Greetings from Ft. Lewis, Washington, where I am spending a long holiday with my son, Maj. Joe, and his wife, Christina.
It has now rained for every day I have been here, with one day where it converted into a light snow. There have been floods here in the last month, and I figure there will be more at this rate.
Ft. Lewis is outside of Tacoma, and there are Starbucks Coffee outlets everywhere. Washington is the home of Starbucks, and it shows. My hotel is near a Starbucks driveup. The lines form daily as the coffee keeps coming.
I also discovered that one can get free Starbucks coffee grounds for one’s garden. I will have to check that out when I get home, because I can recall my grandmother using coffee grounds for her garden when I was a child. It made for some great flowers and veggies. And, that was just ordinary A&P coffee grounds. I can just imagine what the more exclusive Starbucks can do for gardening.
I have discovered, too, that auto congestion is not limited to Chicagoland. The expressways here are also backed up. The big difference is that in Chicagoland, one can veer off, find a side street and then zigzag the old-fashioned way home. For instance, I never use I-290 during business hours, preferring to take the old, tried and true Ogden Avenue, just like in the “old days” before expressways, which now belie their name.
“Express” is no longer applicable! Anyway, in Washington state there are no side streets to use as an alternate. You either sit in traffic or stay home.
It is interesting to use the post’s commissary and post exchange, better known as the “PX”. When you buy something, there is no sales tax. One still gets name brands and a great choice of everything, but no sales tax. I, as a civilian, could not shop there, but all military and families can. It is a savings for them.
A lot of military retirees live around Ft. Lewis, and they use these facilities as well, which is a savings for a senior on a fixed income. And, because they are close to the Madigan Military Hospital, they get medical attention. One often sees colonies of retired military near military posts for just this reason.

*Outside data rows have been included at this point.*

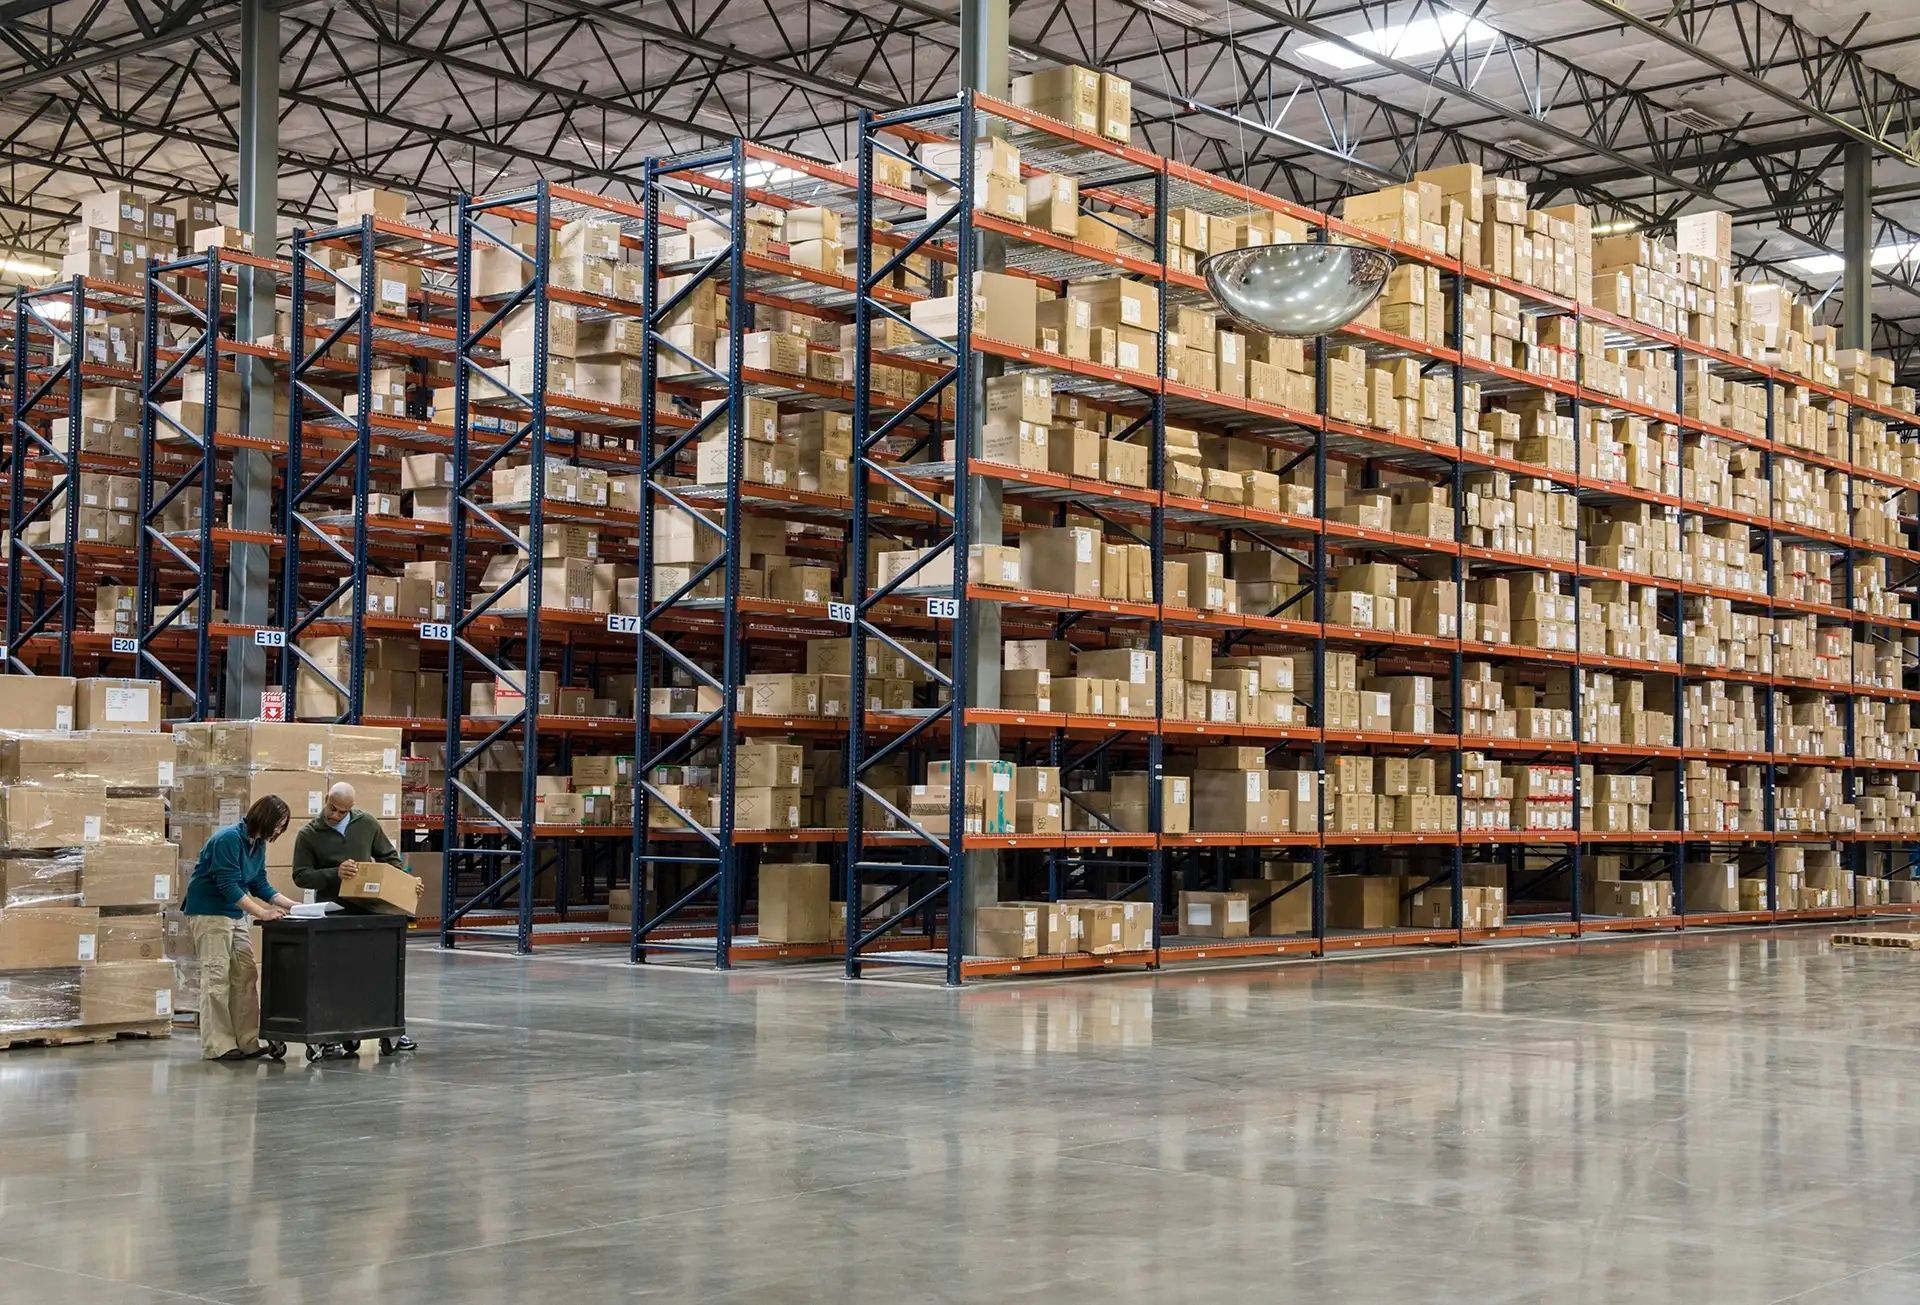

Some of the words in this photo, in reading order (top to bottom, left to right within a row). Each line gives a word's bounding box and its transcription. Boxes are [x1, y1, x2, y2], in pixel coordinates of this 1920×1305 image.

[830, 604, 850, 620] E16
[929, 600, 954, 616] E15
[610, 616, 636, 630] E17
[257, 632, 281, 644] E19
[423, 625, 448, 638] E18
[114, 639, 135, 651] E20

We had Thanksgiving dinner at the Madigan Hospital, with officers, including my son, serving. If this was hospital food, everyone was living well, because it was every bit as good as what one could make at home … without the fuss, of course. I got a chance to renew and acquaintance with the hospital’s commander, Gen. Sheila Baxter. She made it her business to stop by every table to meet with the families who were there.
It was fun watching my son, Joe (Pepi), serve as this was something he never did at home. He was always backed up, because he had to talk to everyone coming through the line. He has the same bad habit I do when serving food-putting too much on the plate at one time.

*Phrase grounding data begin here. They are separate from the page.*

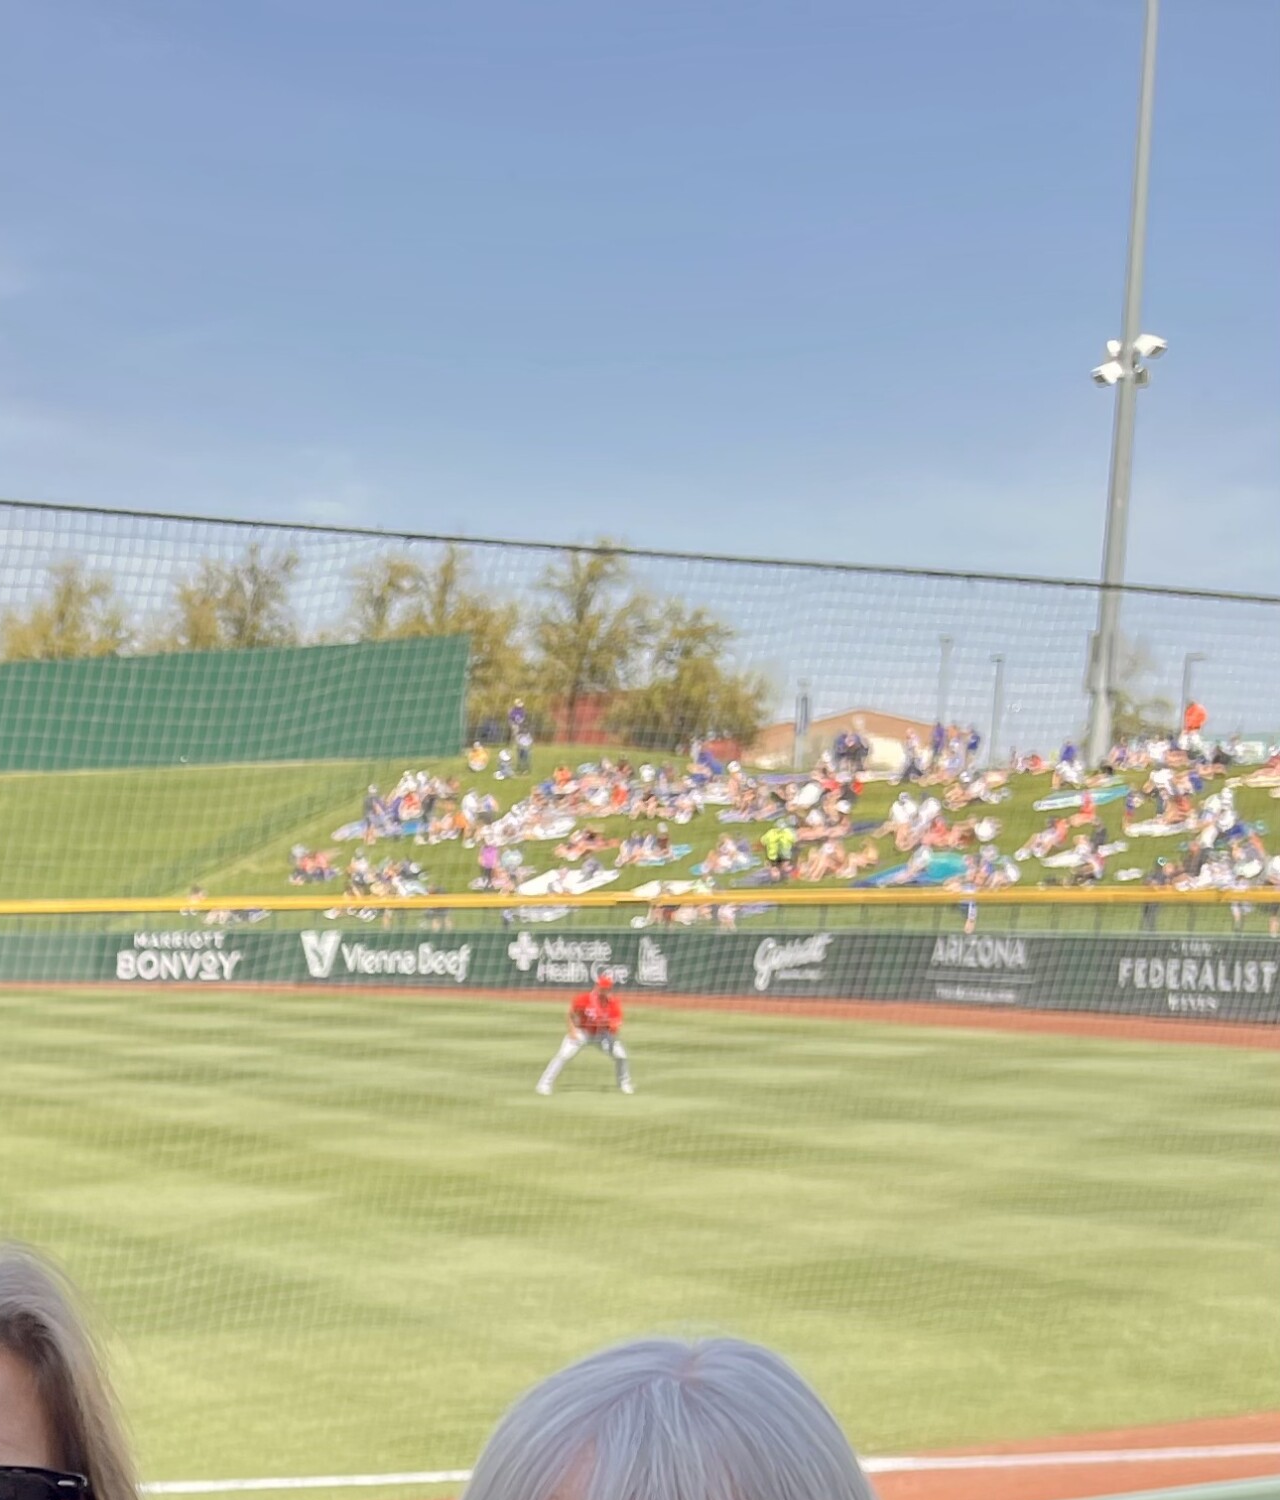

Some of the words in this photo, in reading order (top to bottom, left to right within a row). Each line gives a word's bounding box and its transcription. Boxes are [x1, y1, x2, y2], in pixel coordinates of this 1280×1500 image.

[133, 931, 225, 949] MARRIOTT
[539, 936, 612, 962] Advocate
[930, 936, 1028, 969] ARIZONA
[116, 950, 242, 981] BONVOY
[341, 943, 416, 975] Vienna
[417, 942, 471, 983] Beef
[1117, 956, 1277, 994] FEDERALIST

We come from a long line of folks who believe food is love, and we don’t believe in empty plates.
After a long political campaign, I was dying to see a movie, any movie. And so we went to see “Happy Feet,” which is very good, as well as “Casino Royale,” the new James Bond thriller with the new James Bond.
A word to the wise, skip the James Bond flick-it is too long and has no story, not to mention that the new James Bond looks like a pinhead with a broken nose and is nowhere near the suave personage that was Sean Connery or Pierce Brosnan.
The kids were kind enough to get me caught up on chapters of “Battlestar Galactica,” again something which was sacrificed to campaigning. They tape everything, so we ran a marathon of chapters of the science fiction TV show. I must admit that I am a bit overwhelmed by it all.
When it comes down to it, there is no place like home, even though the place is being taken over by overly large condominiums, especially the one off of Delaplaine Road, with enough Christmas lights to rival the Oakbrook Center.
I can hardly wait for the humongous Henninger edifice to hover over the village upon completion. Hopefully, it will be more manageable than that condo farm which occupies the property in Brookfield (formerly Buresh’s Restaurant).
Home is changing-but it is home, nonetheless. At least the rainfall is more limited.